What is needed:
All of the data must be output exactly, with every picture left out.

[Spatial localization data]

[Start of section]

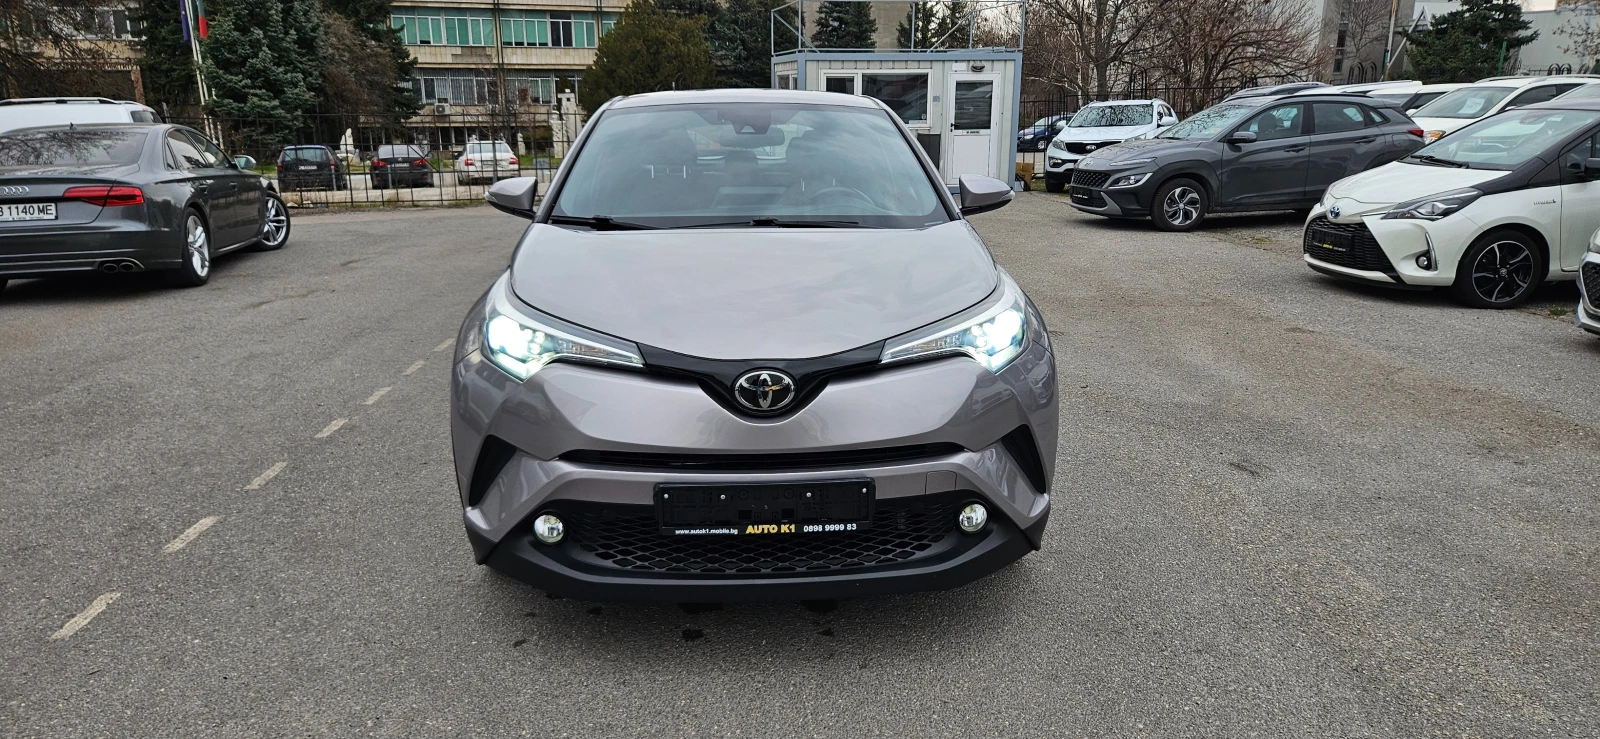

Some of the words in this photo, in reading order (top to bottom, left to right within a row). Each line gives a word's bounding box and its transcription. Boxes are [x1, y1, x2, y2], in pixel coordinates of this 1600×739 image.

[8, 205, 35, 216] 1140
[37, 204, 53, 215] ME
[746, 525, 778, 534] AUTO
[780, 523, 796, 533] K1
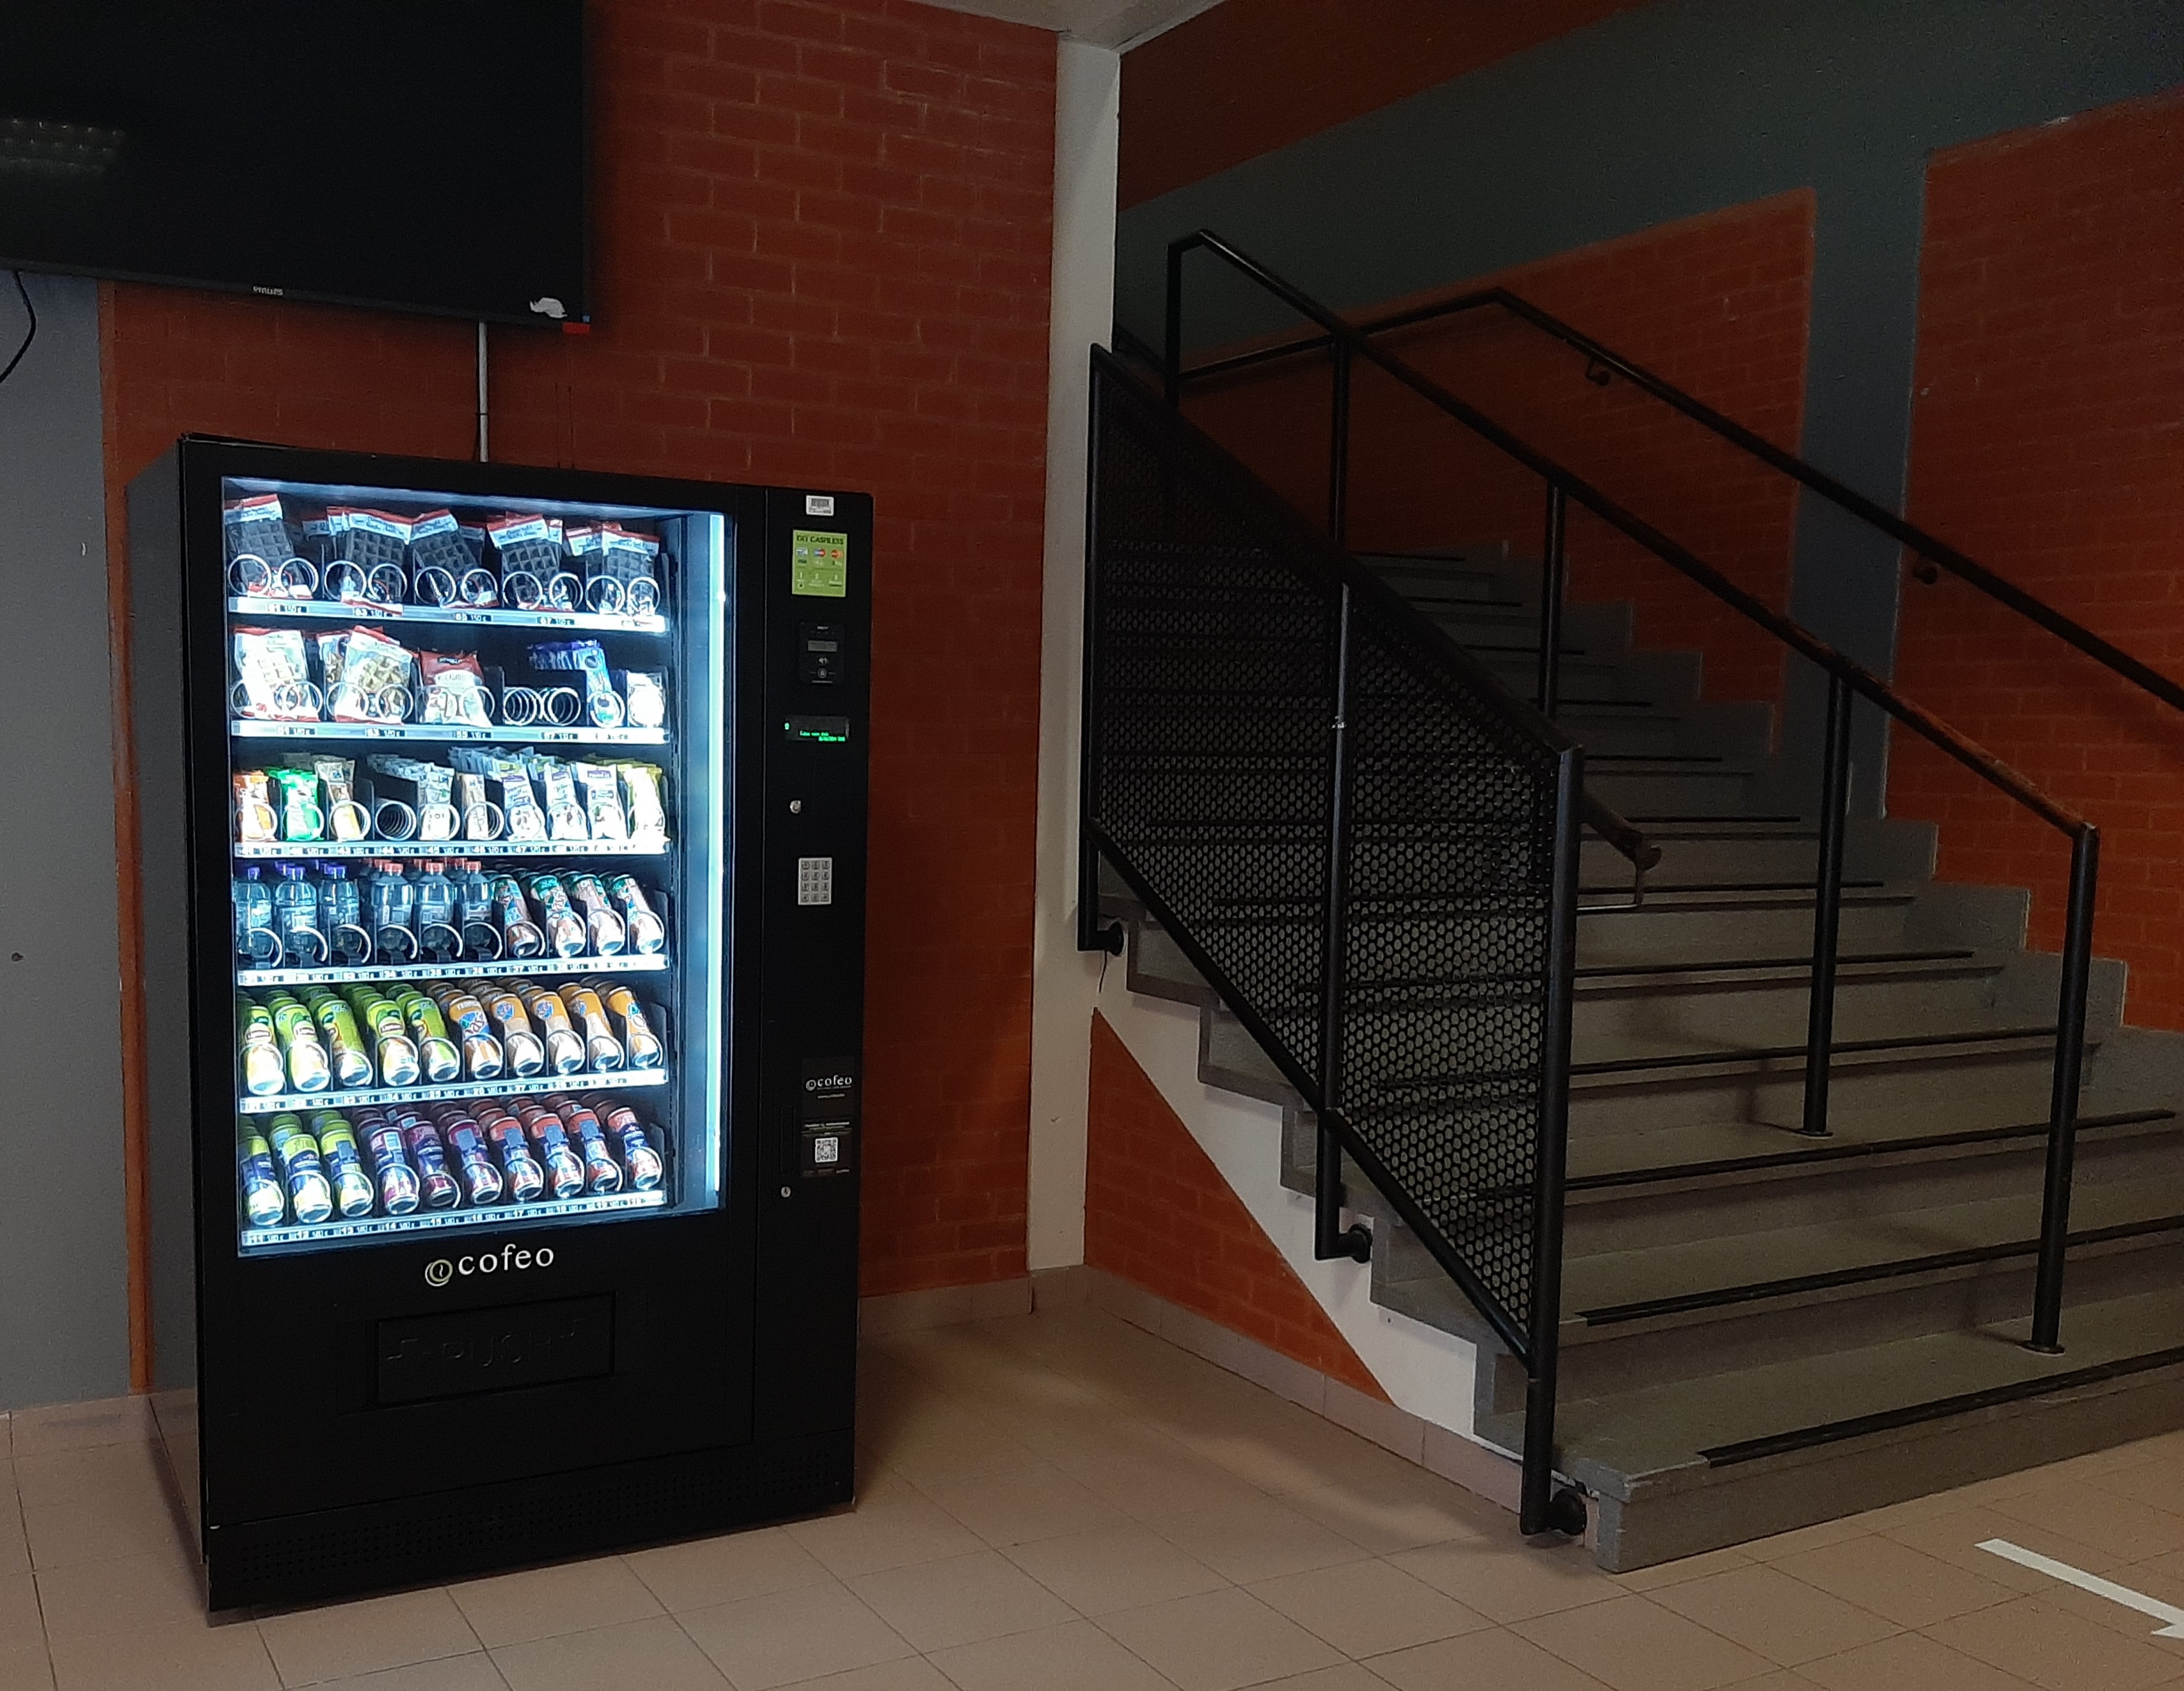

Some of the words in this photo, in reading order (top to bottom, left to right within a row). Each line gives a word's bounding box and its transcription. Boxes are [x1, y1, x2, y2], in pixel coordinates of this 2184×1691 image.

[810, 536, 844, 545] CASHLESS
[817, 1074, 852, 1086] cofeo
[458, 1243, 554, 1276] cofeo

[End of section]

Your solution:
Some of the words in this photo, in reading order (top to bottom, left to right within a row). Each line gives a word's bounding box and its transcription. Boxes are [x1, y1, x2, y2], in pixel coordinates of this 1600×739 image.

[8, 205, 35, 216] 1140
[37, 204, 53, 215] ME
[746, 525, 778, 534] AUTO
[780, 523, 796, 533] K1

Some of the words in this photo, in reading order (top to bottom, left to right within a row). Each line gives a word's bounding box and its transcription. Boxes are [x1, y1, x2, y2], in pixel coordinates of this 2184×1691 image.

[810, 536, 844, 545] CASHLESS
[817, 1074, 852, 1086] cofeo
[458, 1243, 554, 1276] cofeo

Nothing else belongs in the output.